I would say the naturally occurring concentrations would be poles apart from the concentration when used as an additive.

Well, many say that, but that doesn’t make it true. Although it depends on your definitions.

Firstly, msg does not exist once it has dissolved – it becomes free glutamates (and sodium). The free glutamates cannot apparently be distinguished from those which are naturally present in food. If you freeze-dry salty, glutamate-heavy food, part of what you get is crystalline msg — regardless where the glutamates came from.

Secondly, do we regard these as “natural”: naturally brewed miso, naturally fermented soy sauce, slow-cooked beef stew, naturally fermented fish sauce; roquefort cheese, parmesan cheese? If we do, its easy to find 0.5%-1% glutamates in them, which is as high as the most msg- laden foods (unless you count the flavour sachets from 2-minute noodles – without the noodles).

It is true afaik that there are no foods which contain 1% glutamates when they are raw, not fermented, not brewed, not concentrated, not dried, not treated with moulds.

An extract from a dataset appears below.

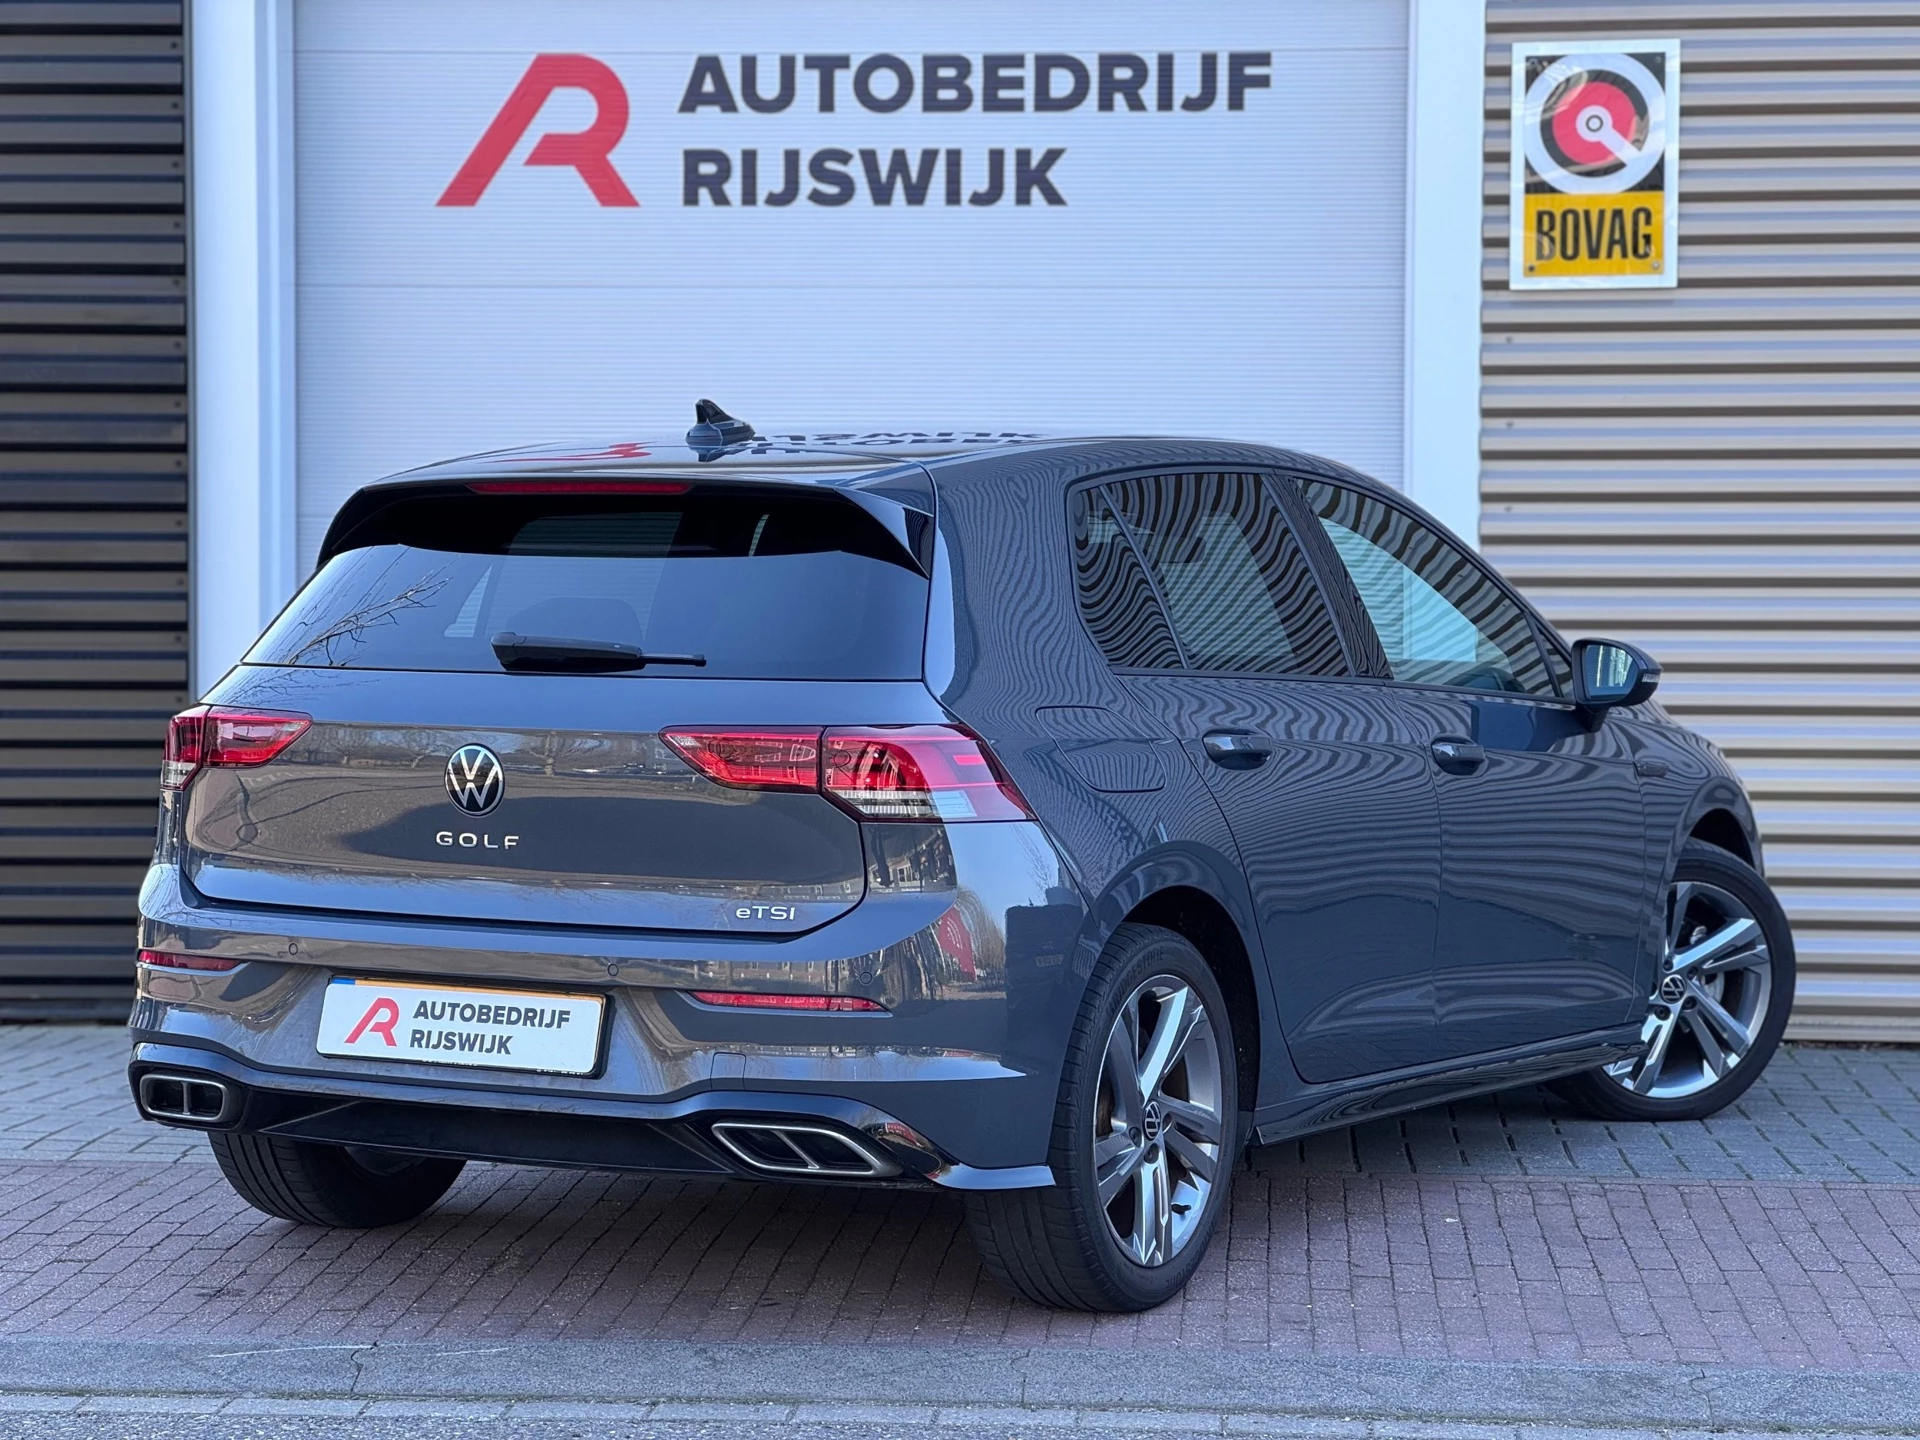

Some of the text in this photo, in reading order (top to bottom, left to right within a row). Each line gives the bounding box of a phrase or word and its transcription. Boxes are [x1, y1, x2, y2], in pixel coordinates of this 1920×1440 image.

And it is true that “naturally occuring concentrations” in most foods are quite low.

But many cooking styles and processes find a way to enhance the naturally occurring glutamates.

Slow-cooked lamb! Miso soup! Ham! Tom yum goong! Dried tomatoes!

Yum.

tylersmayhem 10:15 am 12 Nov 08

Who, Alexander Downer?

Haha LOL. I actually thought it was Kyle Sandilands.

GB 9:21 am 12 Nov 08

MSG comes in for a lot of flack, but seems to be less dangerous (and less unknown) than some other ingredients.

tylersmayhem said :

I notice it all the time. I.e. “all natural flavor”. This can mean the actual flavor you taste is created by natural ingredients, but the MSG “enhances” this natural flavor.

Manipulation of labelling systems is rife. But glutamates occur naturally – eg parmesan is about 1%! And MSG is produced industrially by a fermentation process which is no less “natural” than beer-making.

I don’t think the “naturalness” or otherwise tells us much. Tracking down the provenance of the ingredients might.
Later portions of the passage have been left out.